The odds were stacked against poor old Battleborn from the start; from developers Gearbox’s wishes for it to be a free-to-play title to it eventually launching at full retail price, and the unfortunate rivalry with the altogether completely different Overwatch, to which Battleborn was constantly (and somewhat unjustly) compared, to its immediate detriment and eventual almost-disappearance from the zeitgeist of 2016’s gaming. Such is the lack of demand for this game that you can buy it for less than a tenner from pretty much anywhere that sells games at all. It is currently £8 on Tesco Direct. That is less than two pints in most pubs now. You could probably find it cheaper still. There is even speculation that the game may, in accordance with Gearboxes wishes, become free-to-play in the near future.
What I propose, however, is that for less than the price of admission to the cinema or a takeaway pizza is that you (and a friend, but I will address that momentarily) buy this game, if you agree with any of the following questions:
Did you enjoy any of the Borderlands games?
Do you enjoy co-op, couch or online?
Do you like a bargain?
If you did answer positively to the above, then I implore you, humble reader, to implore a friend to take this plunge with you, and dive in to the kind-of-MOBA-ey, kind-of-not world of Battleborn. And make sure you do take a friend, as things are unfortunately quiet here. In keeping with Gearbox tradition too, co-op isn’t doubling the fun- it’s fun squared.
If you’ve played any of the aforementioned Borderlands series, then you should have a reasonable idea of what to expect; bright colours, hordes of enemies, ridiculous characters and an off-the-wall sense of humour throughout. Each of the 25 launch characters are worthy of note in their own right- well-defined and individualistic, in backstory, personality and playstyle (though Marquis remains my personal favourite- I’m a sucker for an old-timey looking gun and a monocle).

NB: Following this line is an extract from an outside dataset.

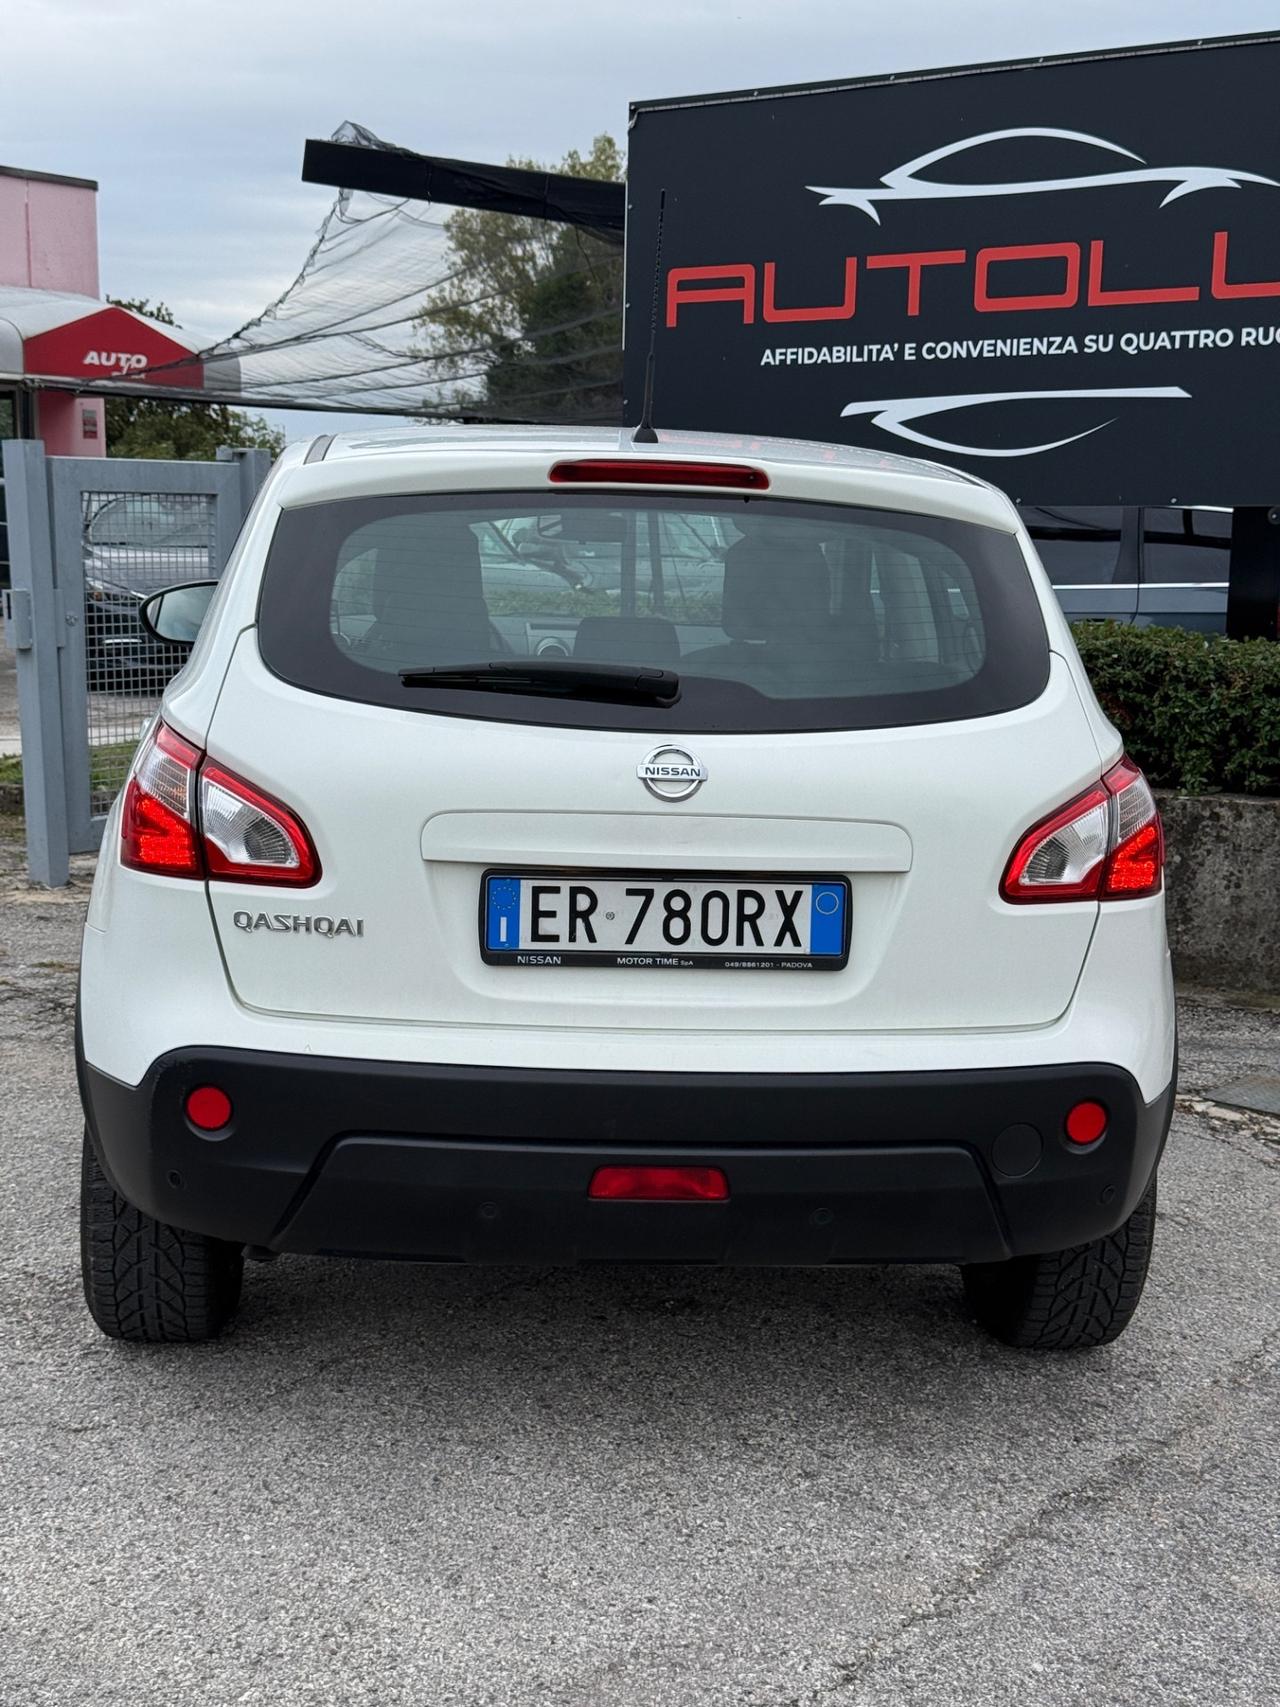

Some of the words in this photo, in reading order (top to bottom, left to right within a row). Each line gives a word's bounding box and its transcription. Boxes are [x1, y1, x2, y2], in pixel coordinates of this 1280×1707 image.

The campaign is pretty meaty, especially when compared to the sheer lack of one in direct competitor Overwatch; there are eight lengthy and varied missions, all of which can be played either solo, couch or online co-op as all of the characters. This adds up to a lot of replayability, as across the four difficulty settings and 25 characters there are 800 variables if you don’t count the huge number of potential teammate configurations. With the arrival of planned DLC this number could grow again exponentially- not bad for considering you’ll get change from a tenner if you pick this up.
The competitive multiplayer aspect is rich too, if somewhat limited across three game modes; those being a somewhat ordinary MOBA style mode, a variation on capture the flag, and most interestingly, something called Meltdown. In Meltdown, the teams of player’s guide minions to their death at an incinerator at the centre of the map, while trying to wipe out the opposing team’s players and minions. Points for each team are scored for each minion that manages to throw itself to its fiery death. It is as chaotic as it sounds.
Maybe this year’s saturation of MOBA things (with Paragon, Smite et al) are somewhat to blame for the lack of reception for this (while imperfect,) hugely fun shooter. Buy it for someone in your office’s secret Santa. Hand a copy to a stranger on the street. Whatever. Just get in while the getting’s good, and before the underappreciation ends with the servers closing down for good.